» **Aim of the task**
Each line from the one containing "Some of the words" through the end of the data must be retyped exactly, and no other line.

» **Dataset**
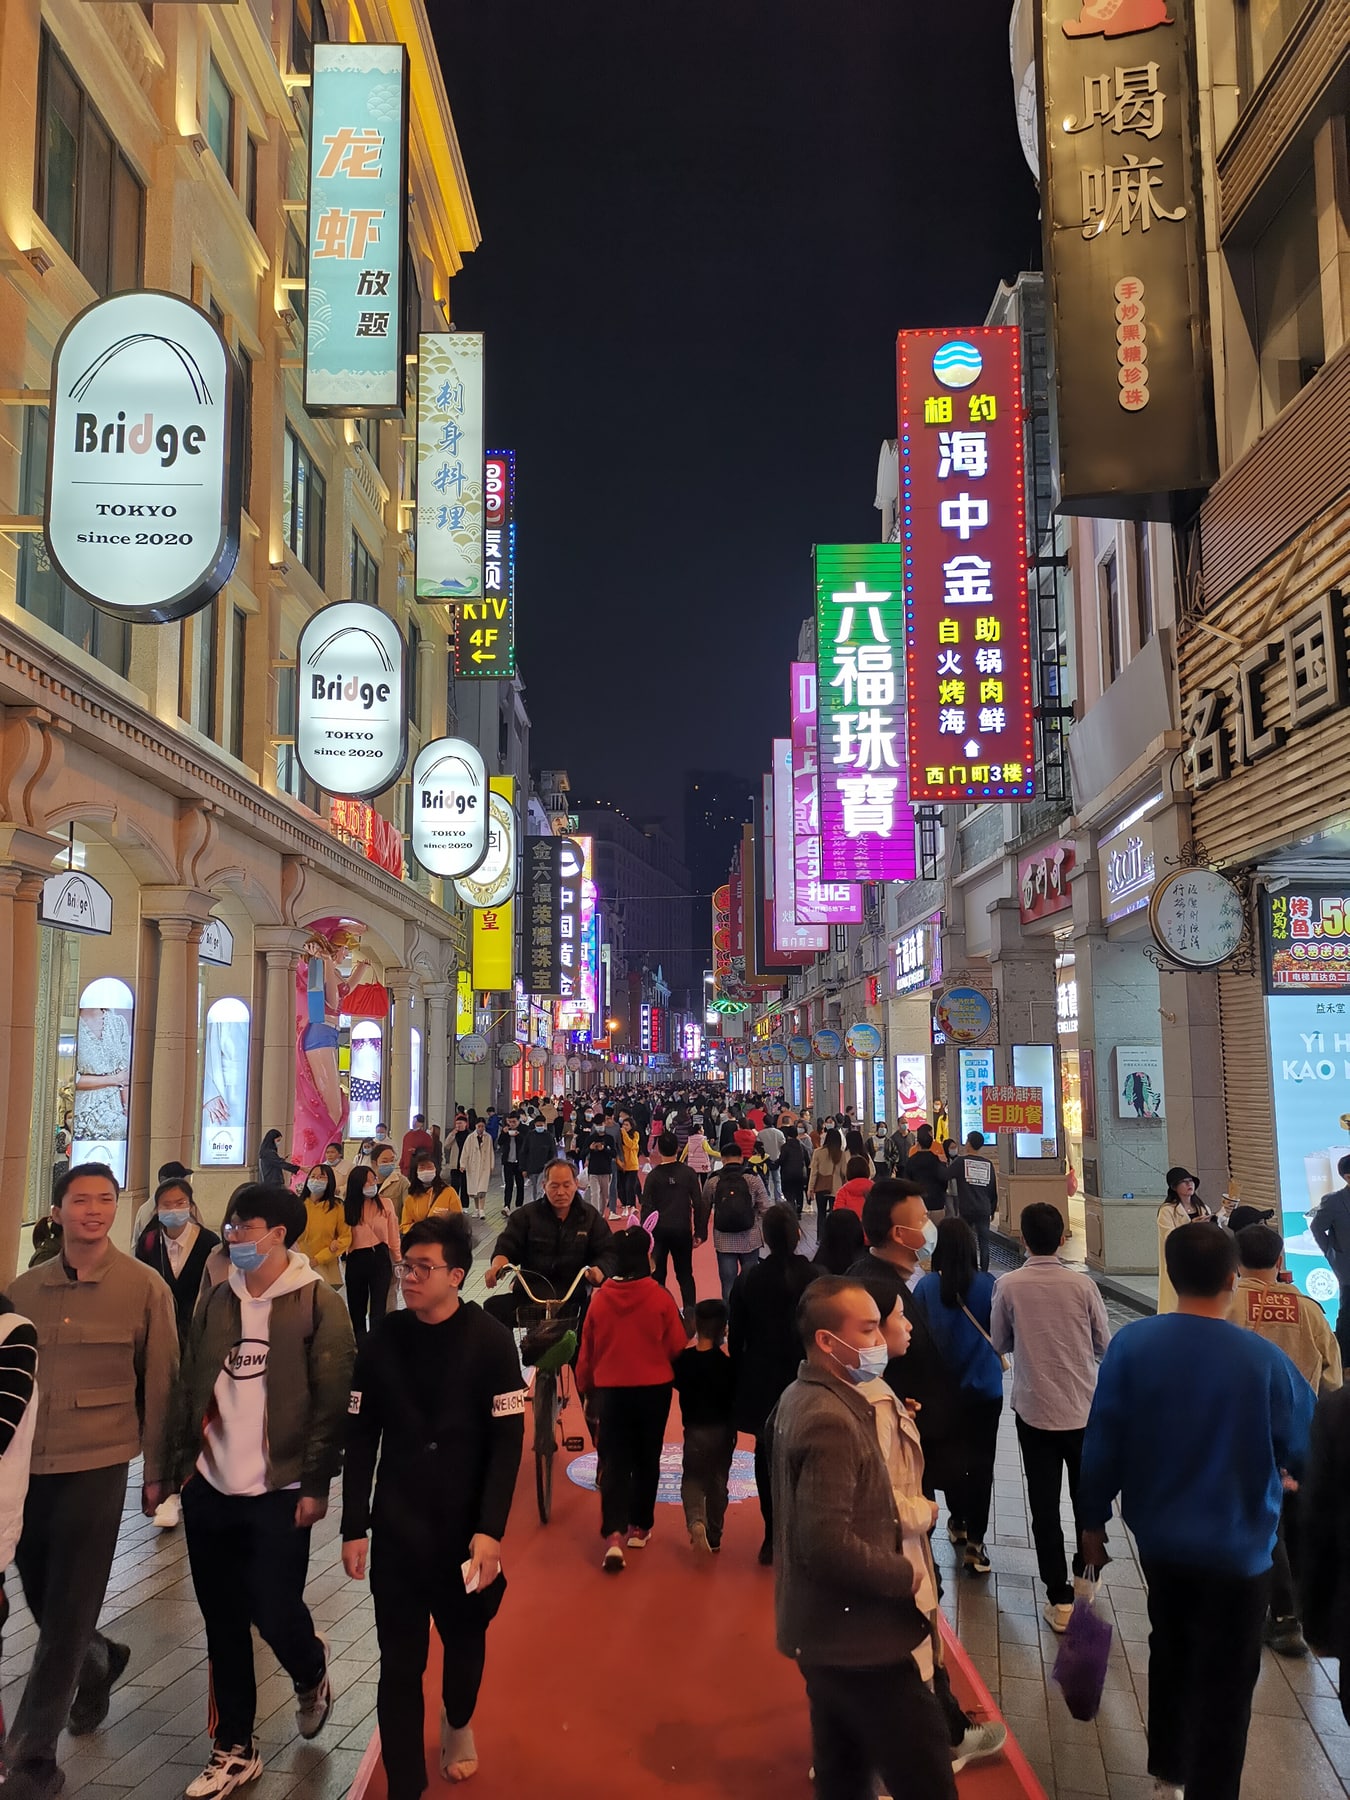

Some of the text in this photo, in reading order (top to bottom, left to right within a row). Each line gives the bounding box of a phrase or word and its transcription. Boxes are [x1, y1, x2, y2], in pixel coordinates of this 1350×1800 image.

[1063, 61, 1186, 239] 喝嘛
[313, 127, 384, 260] 龙虾
[355, 269, 390, 338] 放题
[1119, 282, 1143, 405] 手炒黑糖珍珠
[924, 394, 997, 425] 相约
[74, 411, 207, 467] Bridge
[433, 380, 466, 531] 刺身料理
[95, 503, 178, 518] TOKYO
[937, 431, 994, 604] 海中金
[76, 532, 194, 547] since 2020
[463, 598, 508, 620] KTV
[469, 629, 498, 648] 4F
[938, 615, 1001, 645] 自助
[937, 647, 1003, 675] 火锅
[311, 673, 391, 710] Bridge
[938, 677, 1005, 706] 烤肉
[831, 581, 899, 838] 六福珠寶
[939, 706, 1007, 735] 海鲜
[325, 730, 374, 741] TOKYO
[313, 747, 384, 758] since 2020
[925, 763, 1023, 786] 西门町3楼
[421, 790, 478, 815] Bridge
[447, 841, 473, 850] 2020
[481, 910, 500, 931] 皇
[1290, 898, 1310, 937] 烤鱼
[1293, 944, 1350, 957] 免费送配
[1299, 1032, 1325, 1053] YI
[1282, 1059, 1336, 1080] KAO
[986, 1104, 1042, 1124] 自助餐
[212, 1142, 233, 1152] Bridge
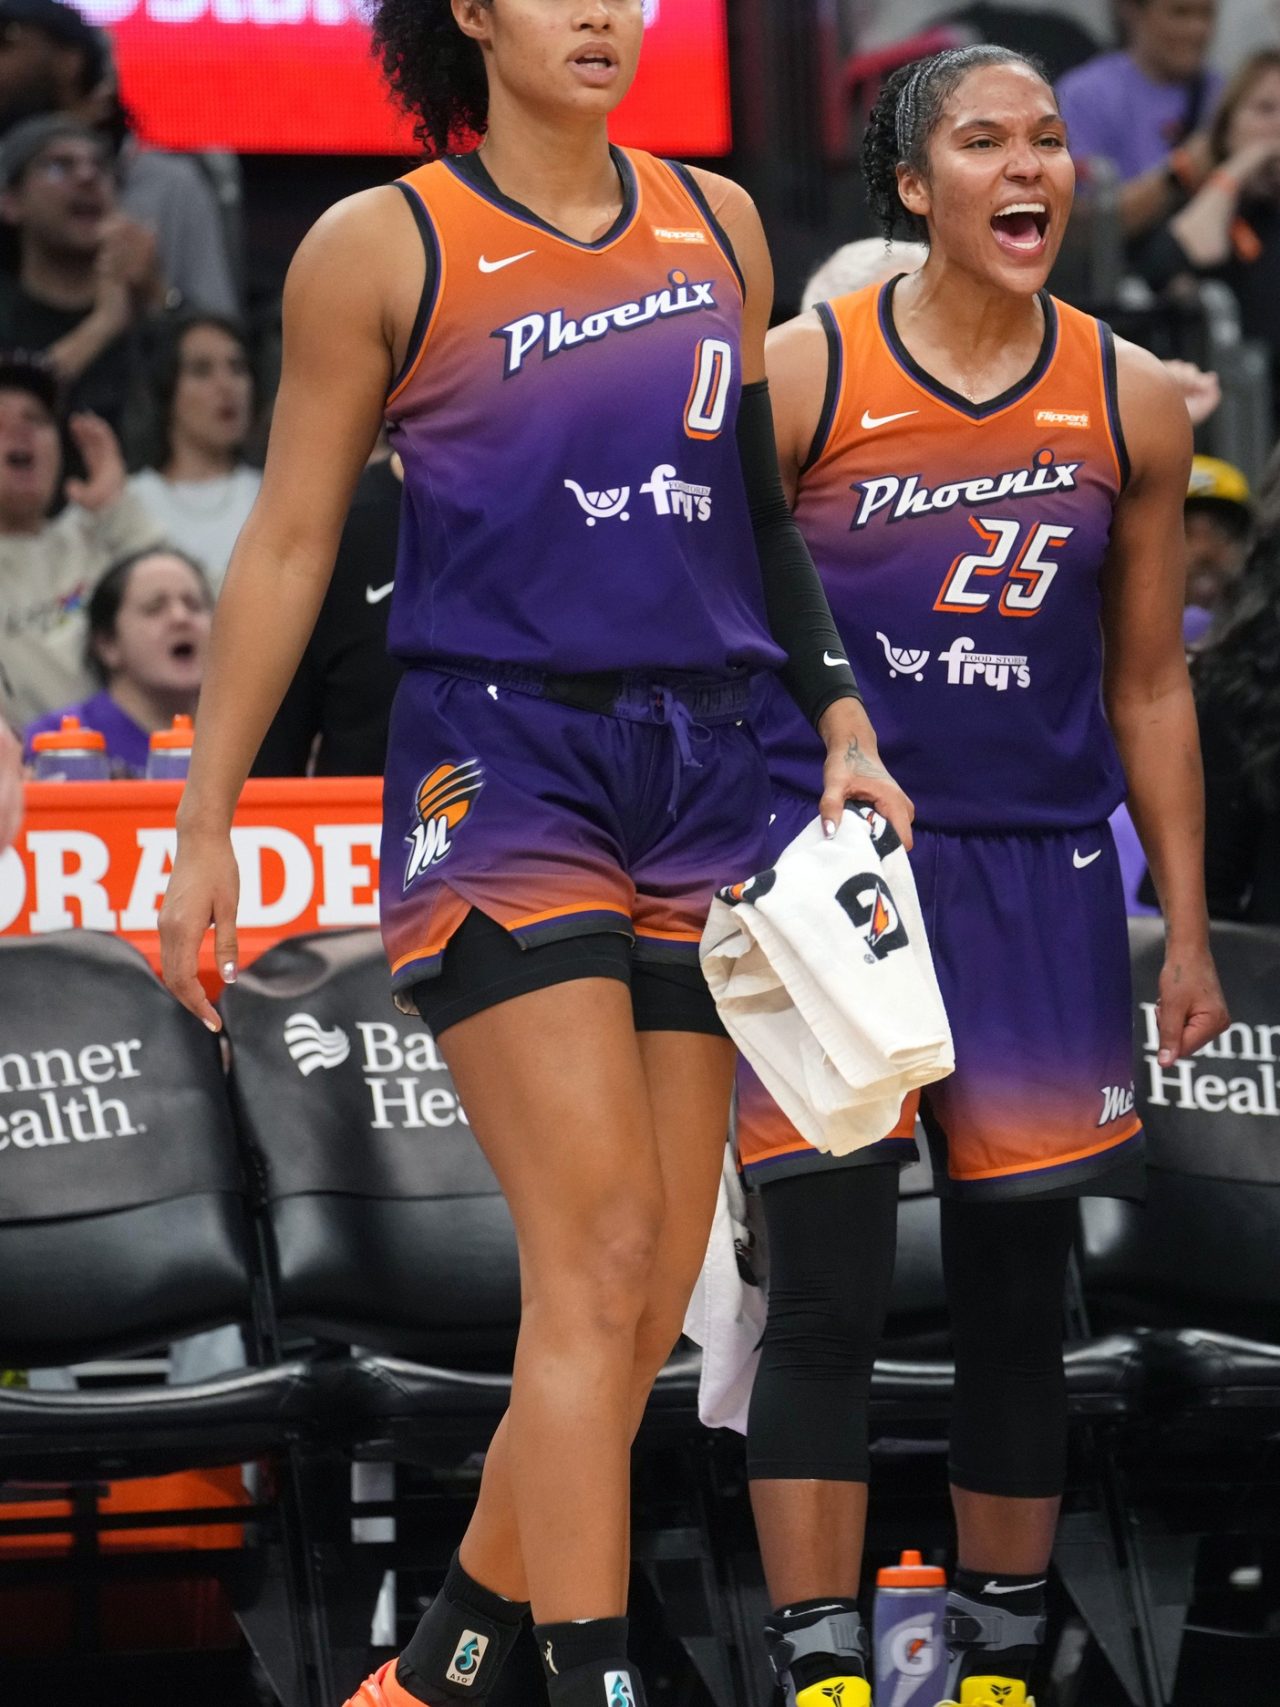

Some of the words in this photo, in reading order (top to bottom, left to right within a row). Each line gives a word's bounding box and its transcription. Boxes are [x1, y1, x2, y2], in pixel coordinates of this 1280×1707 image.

[492, 269, 717, 381] Phoenix
[685, 337, 732, 441] 0
[850, 448, 1082, 530] Phoenix
[932, 515, 1074, 618] 25
[937, 636, 1032, 692] fry's
[963, 654, 993, 664] FOOD

» **Written response**
Some of the words in this photo, in reading order (top to bottom, left to right within a row). Each line gives a word's bounding box and its transcription. Boxes are [x1, y1, x2, y2], in pixel coordinates of this 1280×1707 image.

[492, 269, 717, 381] Phoenix
[685, 337, 732, 441] 0
[850, 448, 1082, 530] Phoenix
[932, 515, 1074, 618] 25
[937, 636, 1032, 692] fry's
[963, 654, 993, 664] FOOD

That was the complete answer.